* WHAT IS NEEDED:
Images in the data are to be skipped, while every line is restated exactly as written.

* RECORDS SHOWN:
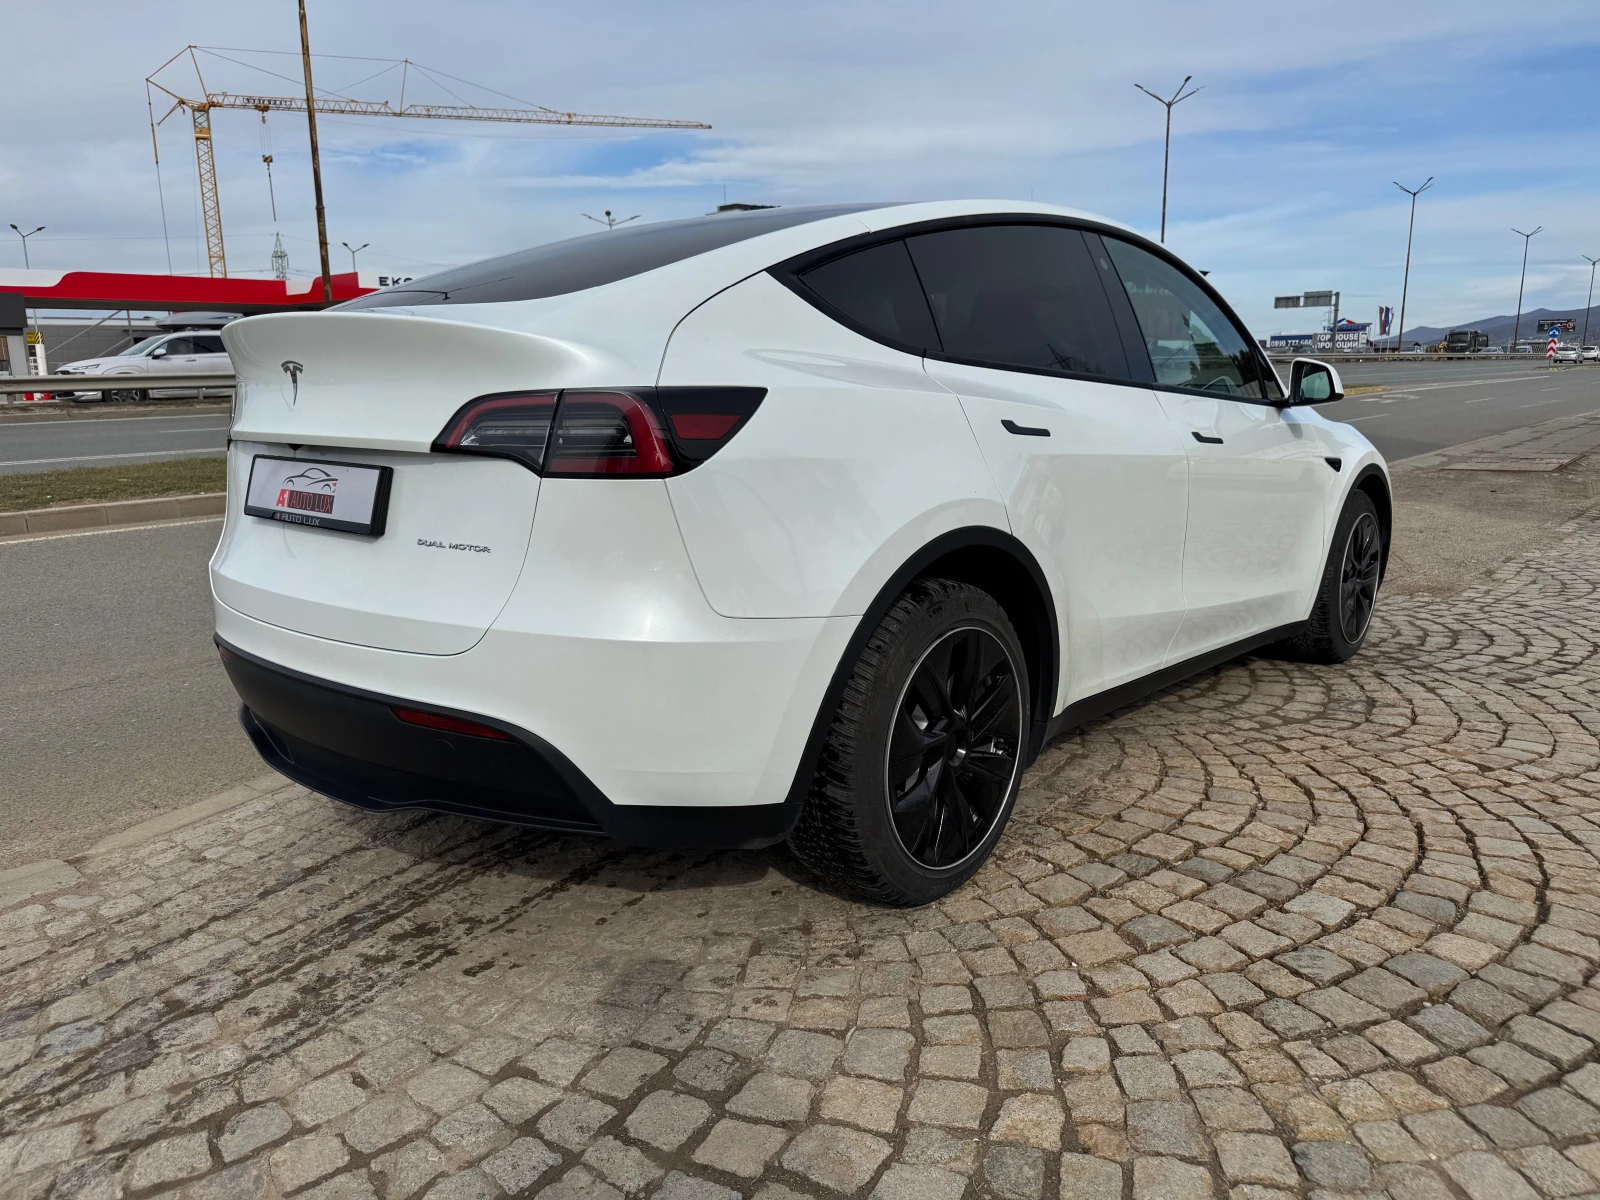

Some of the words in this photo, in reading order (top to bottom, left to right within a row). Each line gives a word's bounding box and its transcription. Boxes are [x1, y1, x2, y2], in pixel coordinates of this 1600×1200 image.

[1315, 341, 1359, 349] ПРООЦИИ
[290, 491, 313, 510] AUTO
[314, 494, 334, 514] LUX
[281, 513, 302, 523] AUTO
[303, 517, 321, 526] LUX
[416, 538, 446, 548] DUAL
[448, 542, 491, 553] MOTOR
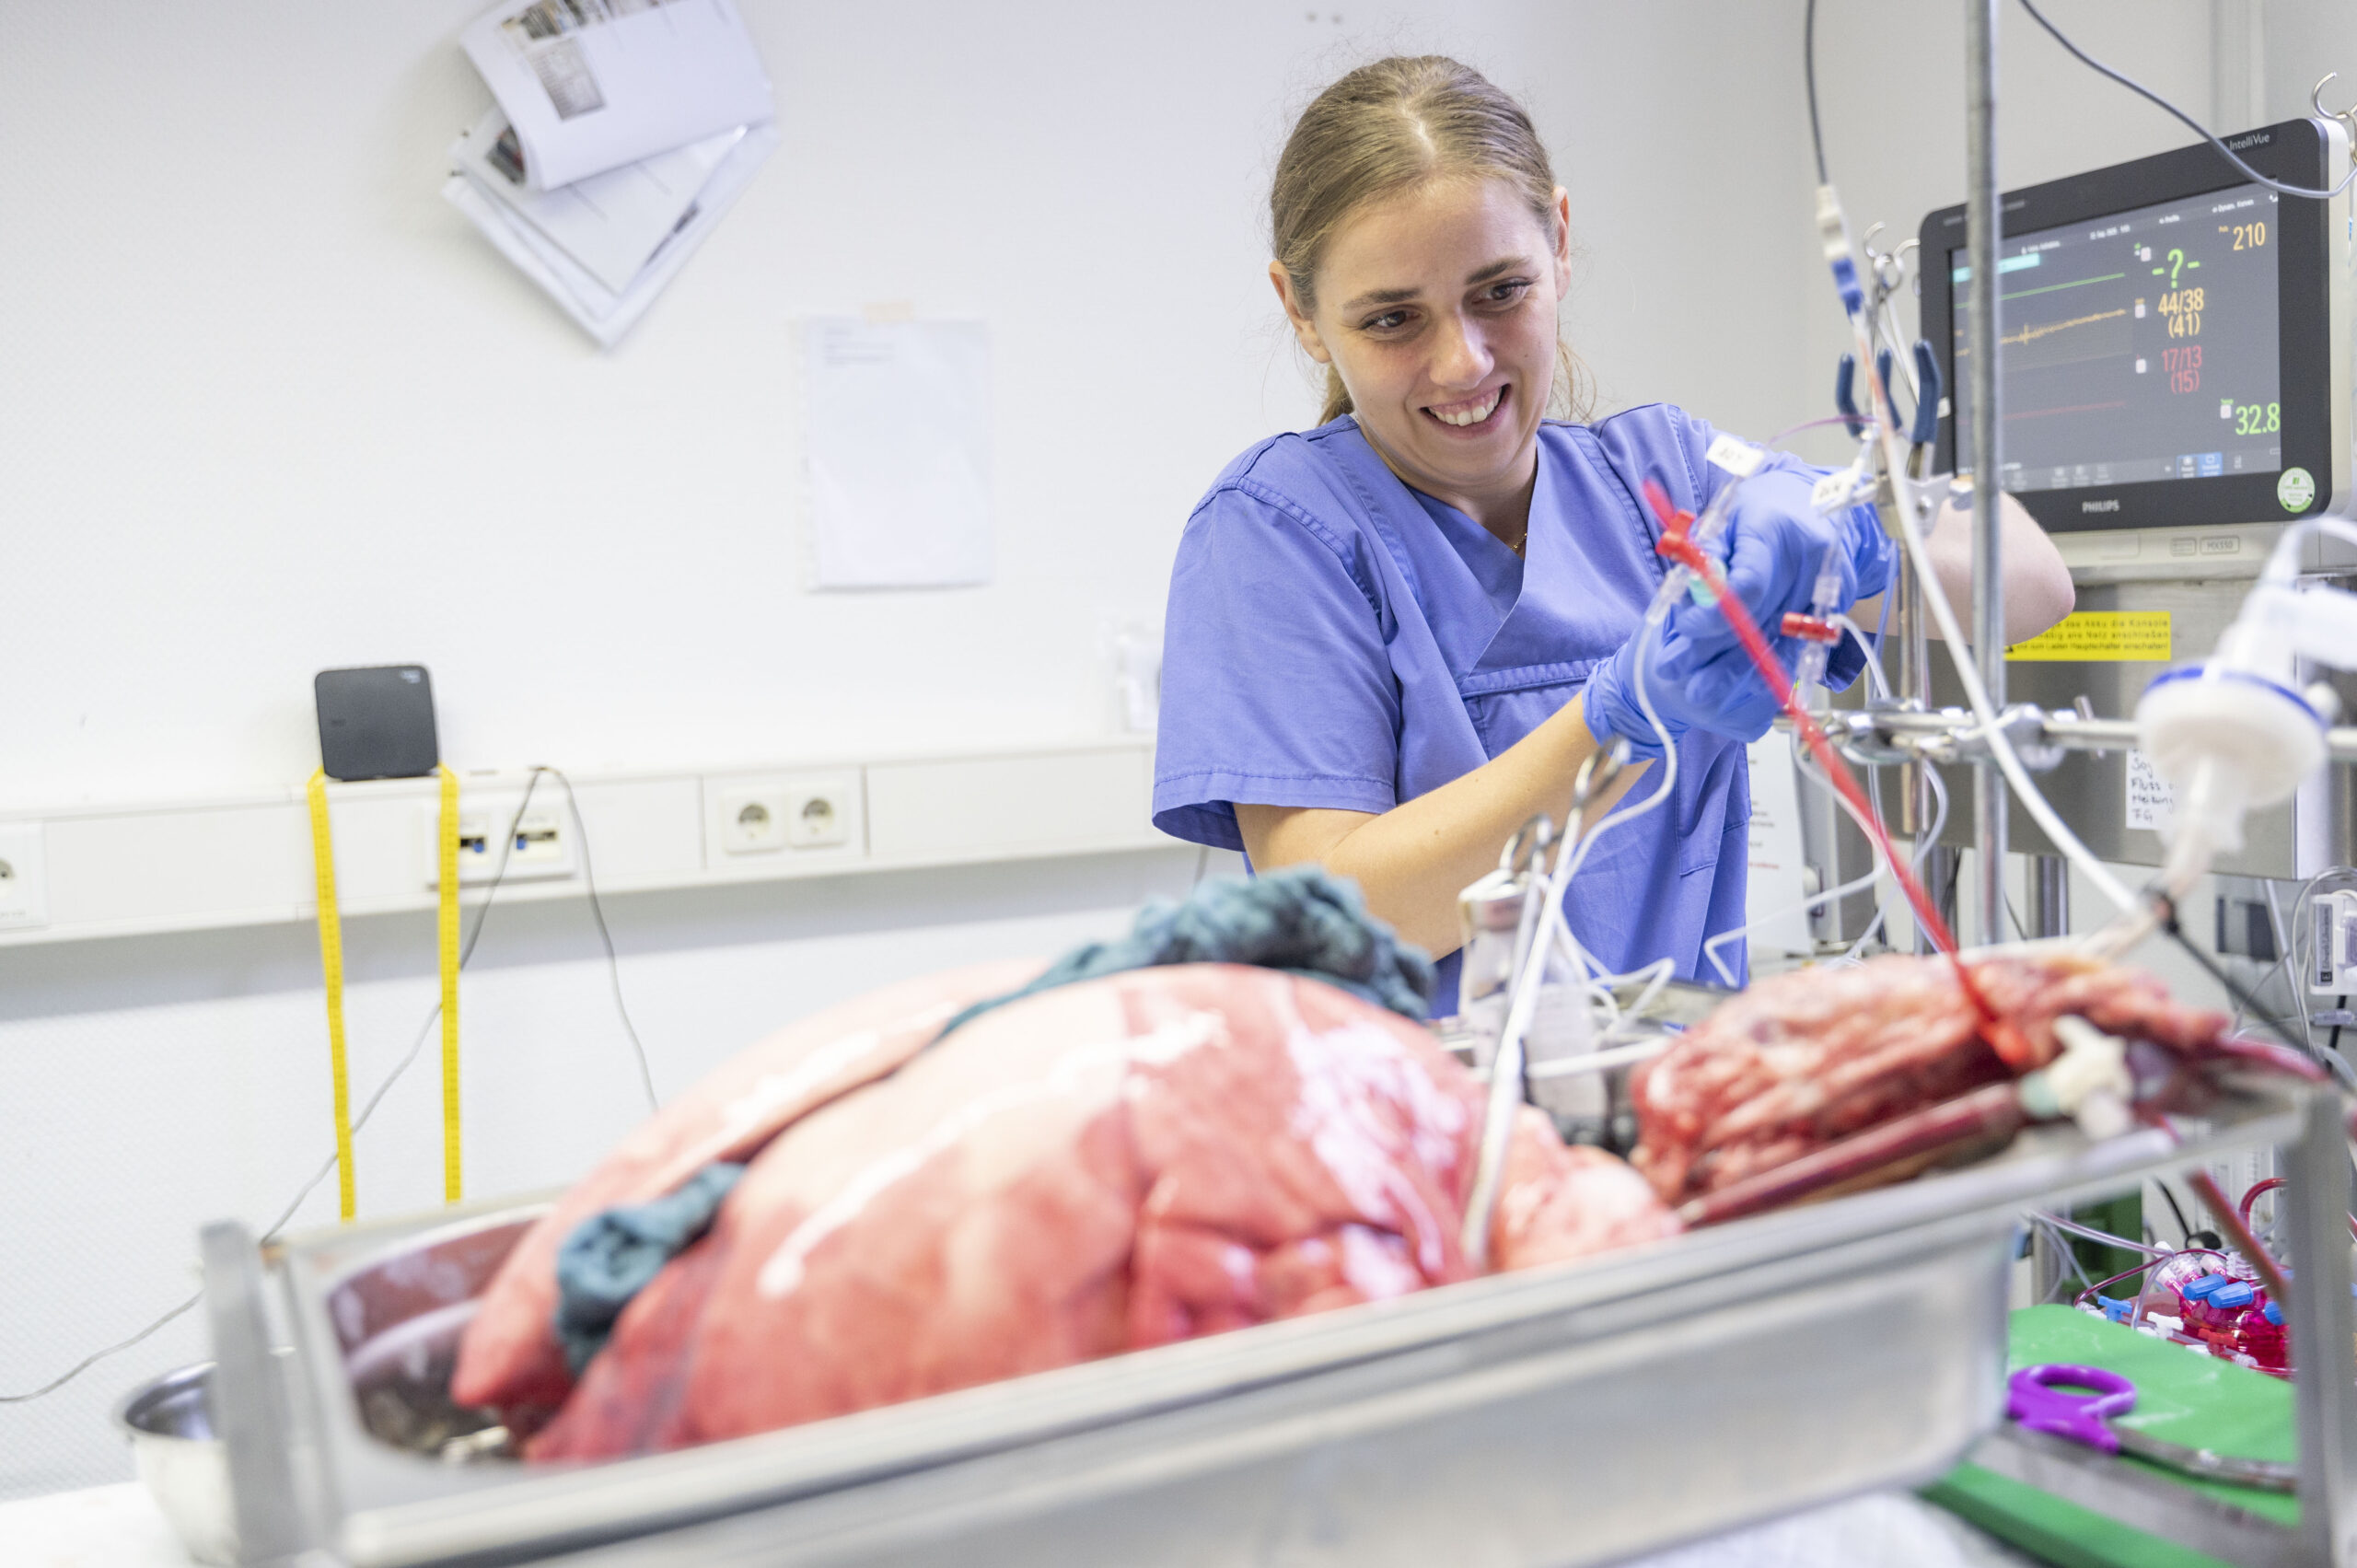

* RESPONSE TO THIS TASK:
Some of the words in this photo, in reading order (top to bottom, left to right within a row). Each line gives a word's bounding box and its transcription. Boxes are [x1, y1, x2, y2], in pixel coordinates of this 1600×1200 image.

[1315, 341, 1359, 349] ПРООЦИИ
[290, 491, 313, 510] AUTO
[314, 494, 334, 514] LUX
[281, 513, 302, 523] AUTO
[303, 517, 321, 526] LUX
[416, 538, 446, 548] DUAL
[448, 542, 491, 553] MOTOR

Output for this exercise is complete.